Falha a sociedade como um todo mas, sobretudo, o Homem, com os seus comportamentos egoístas. Incauto, acha que não chegará a ele. Não percebe que existe uma vida exequível para ele em sintonia com a Natureza. Observem os canais de Veneza.
Será que a Itália percebeu o que é #fiqueemcasa? Porque 50 mil multas por desobediência civil mostra um povo despreocupado consigo e com os outros.
A ciência mostra que a proliferação do vírus é colossal; mas esta proliferação será por falta de coordenação das políticas dos Estados ou por falta de coordenação da mente humana?
Aconselhados ao isolamento e distanciamento social, descobrimos que este é essencial para o sistema funcionar e que não é um contributo reduzido.
Fazemo-lo por nós e por todos os que não o podem fazer. Não é apenas uma defesa egoísta da família: é uma defesa de e para todas as famílias do País.
Dentro deste isolamento é necessário lutar contra várias «viroses» que nos tentam contagiar – o medo, a angústia, a incerteza, a ansiedade...
Aqui é preciso lutar muito, com todas as nossas armas, com todas as nossas forças, mantendo-nos atentos e preocupados com os outros. Os que estão isolados e os que dão tudo no seu trabalho que não lhe permitiu a confinação.
Estamos isolados geograficamente mas emocionalmente nunca estivemos tão próximos. E quem nos ajuda também nessa proximidade?
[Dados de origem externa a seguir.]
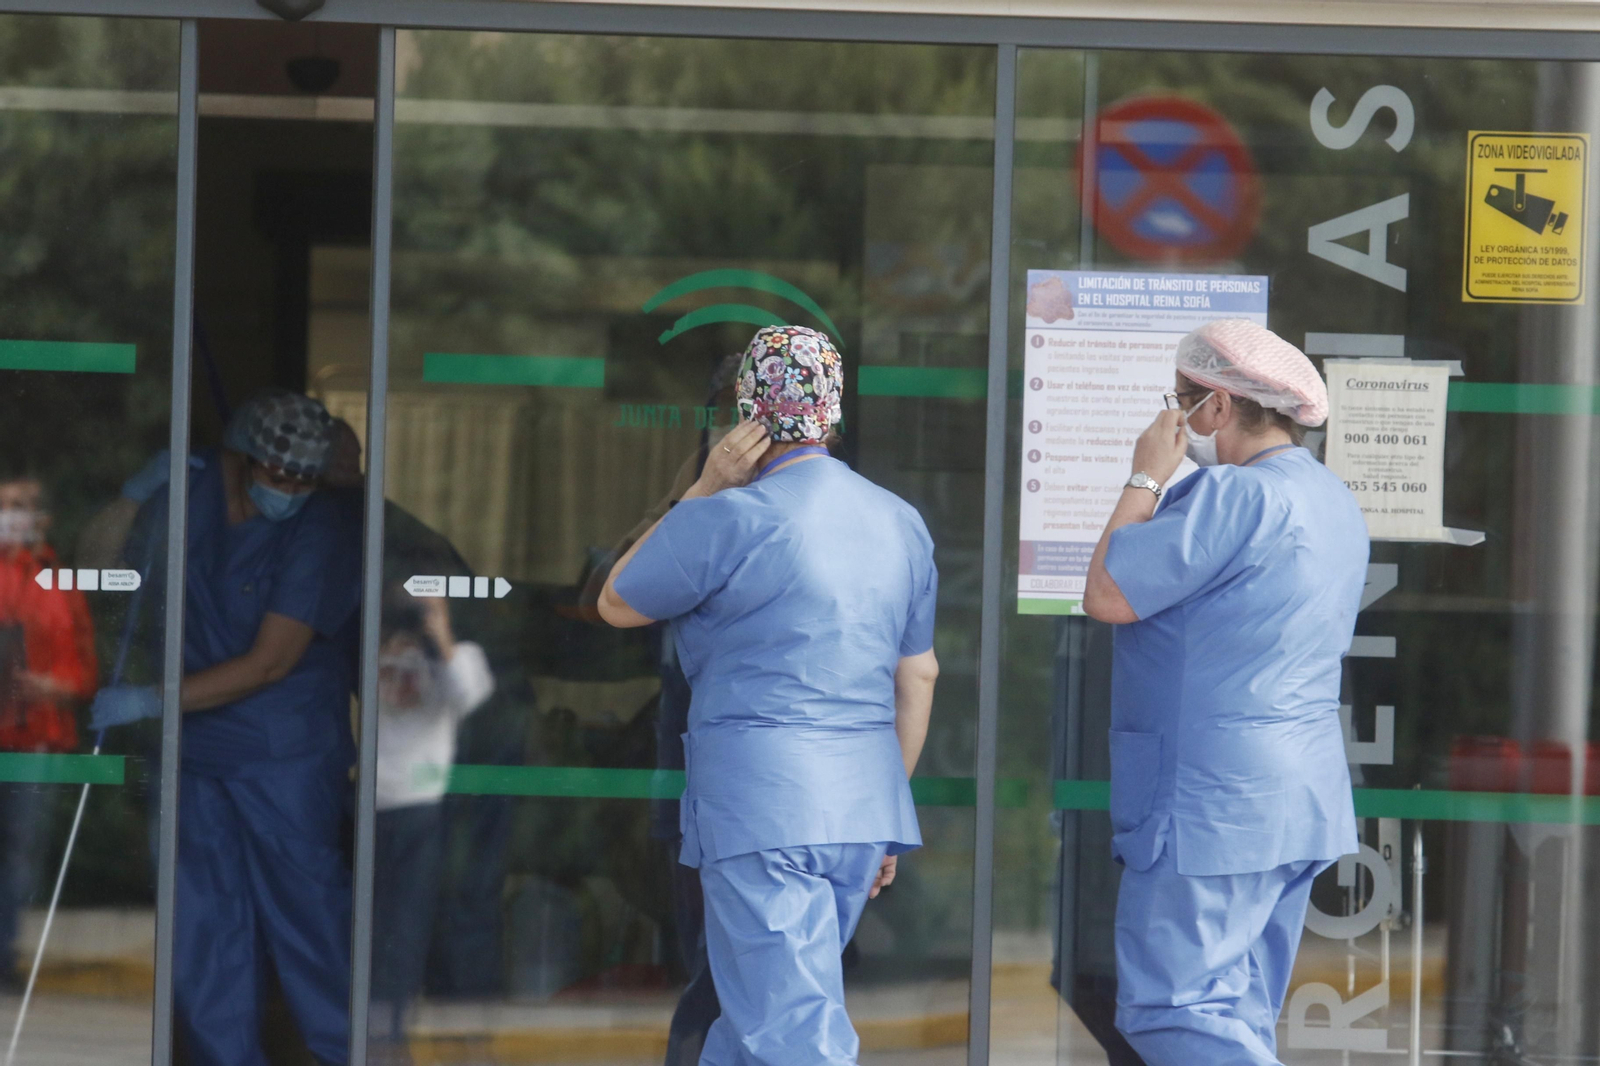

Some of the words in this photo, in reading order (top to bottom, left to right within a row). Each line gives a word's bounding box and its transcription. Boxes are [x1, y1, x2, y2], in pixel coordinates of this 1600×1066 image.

[1478, 144, 1504, 159] ZONA
[1507, 145, 1580, 160] VIDEOVIGILADA
[1480, 245, 1495, 253] LEY
[1497, 243, 1538, 254] ORGÁNICA
[1474, 256, 1484, 264] DE
[1487, 256, 1537, 265] PROTECCIÓN
[1539, 257, 1549, 265] DE
[1551, 258, 1577, 266] DATOS
[1078, 276, 1131, 289] LIMITACIÓN
[1133, 278, 1145, 290] DE
[1148, 277, 1193, 291] TRÁNSITO
[1196, 280, 1208, 292] DE
[1210, 280, 1260, 293] PERSONAS
[1078, 293, 1090, 305] EN
[1093, 293, 1104, 305] EL
[1106, 294, 1151, 307] HOSPITAL
[1153, 295, 1181, 307] REINA
[1183, 294, 1211, 308] SOFÍA
[1036, 337, 1040, 346] 1
[1048, 337, 1077, 347] Reducir
[1079, 339, 1085, 347] el
[1087, 339, 1116, 348] tránsito
[1118, 340, 1127, 349] de
[1129, 342, 1163, 351] personas
[1164, 343, 1178, 352] por
[1034, 380, 1040, 389] 2
[1047, 380, 1065, 389] Usar
[1067, 380, 1073, 389] el
[1075, 381, 1105, 390] teléfono
[1131, 382, 1140, 391] de
[1142, 384, 1166, 392] visitar
[1345, 378, 1430, 391] Coronavirus
[613, 404, 682, 429] JUNTA
[694, 406, 719, 430] DE
[1033, 422, 1038, 431] 3
[1086, 436, 1123, 446] reducción
[1125, 438, 1134, 446] de
[1344, 433, 1369, 444] 900
[1373, 433, 1399, 445] 400
[1403, 434, 1428, 445] 061
[1032, 452, 1037, 461] 4
[1045, 452, 1080, 462] Posponer
[1081, 453, 1092, 462] las
[1094, 454, 1118, 463] visitas
[1031, 480, 1037, 490] 5
[1067, 484, 1088, 492] evitar
[1372, 481, 1397, 492] 545
[1401, 482, 1428, 493] 060
[1390, 507, 1425, 515] HOSPITAL
[1043, 522, 1080, 531] presentan
[107, 571, 128, 579] besam
[1030, 578, 1073, 589] COLABORAR
As nossas orações. As nossas promessas. A nossa esperança de que daqui a um tempo se retome o calendário natural da vida.
As «malignas» das redes sociais que tanto nos afastaram são hoje a principal ferramenta de trabalho, de comunicação e de distracção.
As reivindicações de profissionais como enfermeiros, médicos, estivadores, camionistas, fazem ou devem fazer cada vez mais sentido quer para nós quer para os nossos governantes.
E o que colher e guardar para sempre com tudo isto?
Afinal somos todos humanos, frugais humanos pejados de dúvidas, medos e angústias, mas também FORÇA. A vida e a morte são condições igualitárias para todos sem excepção de língua, cor, estatuto ou condição financeira.
E erramos e vamos errar sempre, faz parte da condição.
Os números em Itália e Espanha mostram os erros dos governos e da sociedade.
É impossível vivenciar isto sem ficarmos gélidos com todos os que sabemos que estão ou que se sentem abandonados. É impossível romantizar ou fazer textos bonitos perante tamanha catástrofe e sofrimento; só nos resta acreditar que, com muita informação, respeito e colaboração, todos vamos ficar bem.
Provavelmente o nosso sossego nunca mais vai ser o mesmo, ou a expressão «sossego» mudará para sempre no nosso dicionário; mas que fique também para sempre que os obstáculos que a vida nos oferece são sempre oportunidades para avançar e na vida tudo e quase absolutamente tudo depende em grande medida de nós próprios — eu, tu e o outro.
Só assim conseguimos uns parar, outros abrandar, e perceber que sim, que isso é possível e que o mundo continua a girar.
Só assim alguns (muitos) de nós conseguiremos olhar em nosso redor e tomar decisões para melhor.
Perante tamanha extensão desta calamidade nada mais será igual, a realidade não será mais a mesma e há marcas que ficarão para sempre.
Registe-se mais uma vez que a epidemia de gripe sazonal, na época passada, e segundo o Instituto Ricardo Jorge, matou mais de 3 mil pessoas. As doenças cardiovasculares matam 35 mil pessoas anualmente. E em 2018 foram registados em Portugal mais de 50 mil novos casos de cancro.
Porque somos fortes, teremos todos uma nova era pela frente, com uma maior maturidade e uma maior capacidade de assumir as nossas responsabilidades. O preço é demasiado alto, mas se cada um de nós perceber que tudo o que fazemos aos outros seres e à Natureza fazemos a nós mesmos, conseguiremos compreender o mistério da unidade.